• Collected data
___

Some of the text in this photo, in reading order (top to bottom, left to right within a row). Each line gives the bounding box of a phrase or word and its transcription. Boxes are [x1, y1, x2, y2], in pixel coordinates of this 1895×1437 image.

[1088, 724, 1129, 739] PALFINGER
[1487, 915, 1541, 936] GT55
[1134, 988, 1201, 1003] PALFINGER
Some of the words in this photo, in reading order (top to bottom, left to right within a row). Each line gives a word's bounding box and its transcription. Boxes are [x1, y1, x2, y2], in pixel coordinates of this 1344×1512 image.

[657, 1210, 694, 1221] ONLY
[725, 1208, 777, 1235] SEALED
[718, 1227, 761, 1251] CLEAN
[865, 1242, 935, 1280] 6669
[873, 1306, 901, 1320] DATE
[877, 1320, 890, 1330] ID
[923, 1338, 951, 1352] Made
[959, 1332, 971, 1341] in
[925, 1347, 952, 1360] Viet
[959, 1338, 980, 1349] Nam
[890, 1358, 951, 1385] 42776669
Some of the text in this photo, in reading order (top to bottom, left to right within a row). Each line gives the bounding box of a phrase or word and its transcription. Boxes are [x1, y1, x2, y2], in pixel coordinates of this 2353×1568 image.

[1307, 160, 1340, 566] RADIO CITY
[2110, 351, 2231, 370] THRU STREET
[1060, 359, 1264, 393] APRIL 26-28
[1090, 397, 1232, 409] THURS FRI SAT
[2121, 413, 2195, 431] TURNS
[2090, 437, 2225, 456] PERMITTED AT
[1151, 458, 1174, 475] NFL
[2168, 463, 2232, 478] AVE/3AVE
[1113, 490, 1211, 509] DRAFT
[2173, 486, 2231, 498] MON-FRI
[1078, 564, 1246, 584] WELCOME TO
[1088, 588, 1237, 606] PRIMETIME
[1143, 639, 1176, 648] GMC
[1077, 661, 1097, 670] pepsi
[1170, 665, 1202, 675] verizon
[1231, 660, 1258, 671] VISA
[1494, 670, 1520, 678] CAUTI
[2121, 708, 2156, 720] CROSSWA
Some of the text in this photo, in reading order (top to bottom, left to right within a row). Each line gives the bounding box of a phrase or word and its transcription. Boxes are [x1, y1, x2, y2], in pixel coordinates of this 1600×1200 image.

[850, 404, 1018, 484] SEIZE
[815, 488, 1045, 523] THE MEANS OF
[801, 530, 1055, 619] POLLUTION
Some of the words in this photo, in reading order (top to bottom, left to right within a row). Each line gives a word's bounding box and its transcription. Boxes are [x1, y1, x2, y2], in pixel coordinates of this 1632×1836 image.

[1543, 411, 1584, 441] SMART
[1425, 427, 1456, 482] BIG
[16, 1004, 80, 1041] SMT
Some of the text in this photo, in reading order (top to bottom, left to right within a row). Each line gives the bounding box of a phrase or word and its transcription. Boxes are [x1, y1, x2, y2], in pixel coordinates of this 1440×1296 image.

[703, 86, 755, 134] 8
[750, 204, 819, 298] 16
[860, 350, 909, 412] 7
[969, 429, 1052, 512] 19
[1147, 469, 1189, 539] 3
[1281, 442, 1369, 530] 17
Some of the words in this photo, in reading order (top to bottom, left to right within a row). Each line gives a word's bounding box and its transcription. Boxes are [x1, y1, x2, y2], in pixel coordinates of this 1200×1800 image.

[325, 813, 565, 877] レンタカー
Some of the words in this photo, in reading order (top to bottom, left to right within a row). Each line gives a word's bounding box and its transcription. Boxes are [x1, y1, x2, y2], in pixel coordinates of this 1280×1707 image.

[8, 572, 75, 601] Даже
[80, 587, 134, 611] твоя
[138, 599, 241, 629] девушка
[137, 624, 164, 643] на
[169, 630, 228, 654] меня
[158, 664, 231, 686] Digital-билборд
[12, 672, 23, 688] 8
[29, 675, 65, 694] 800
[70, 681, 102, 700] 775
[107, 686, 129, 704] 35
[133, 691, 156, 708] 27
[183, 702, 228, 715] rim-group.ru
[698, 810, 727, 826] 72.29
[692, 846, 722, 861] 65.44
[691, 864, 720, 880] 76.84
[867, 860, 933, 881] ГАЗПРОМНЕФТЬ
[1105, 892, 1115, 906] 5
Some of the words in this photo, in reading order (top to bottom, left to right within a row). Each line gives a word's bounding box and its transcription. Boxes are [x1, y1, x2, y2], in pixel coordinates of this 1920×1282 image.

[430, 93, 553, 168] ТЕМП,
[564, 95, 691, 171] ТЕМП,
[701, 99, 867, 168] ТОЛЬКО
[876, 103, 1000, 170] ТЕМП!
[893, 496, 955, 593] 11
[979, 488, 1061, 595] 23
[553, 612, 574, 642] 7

___

• Exercise prompt
Starting from the line with "this 1920×1282 image.", write out every remaining line of the data above exactly, the final line included, and nothing before it.

• Completed task
Some of the words in this photo, in reading order (top to bottom, left to right within a row). Each line gives a word's bounding box and its transcription. Boxes are [x1, y1, x2, y2], in pixel coordinates of this 1920×1282 image.

[430, 93, 553, 168] ТЕМП,
[564, 95, 691, 171] ТЕМП,
[701, 99, 867, 168] ТОЛЬКО
[876, 103, 1000, 170] ТЕМП!
[893, 496, 955, 593] 11
[979, 488, 1061, 595] 23
[553, 612, 574, 642] 7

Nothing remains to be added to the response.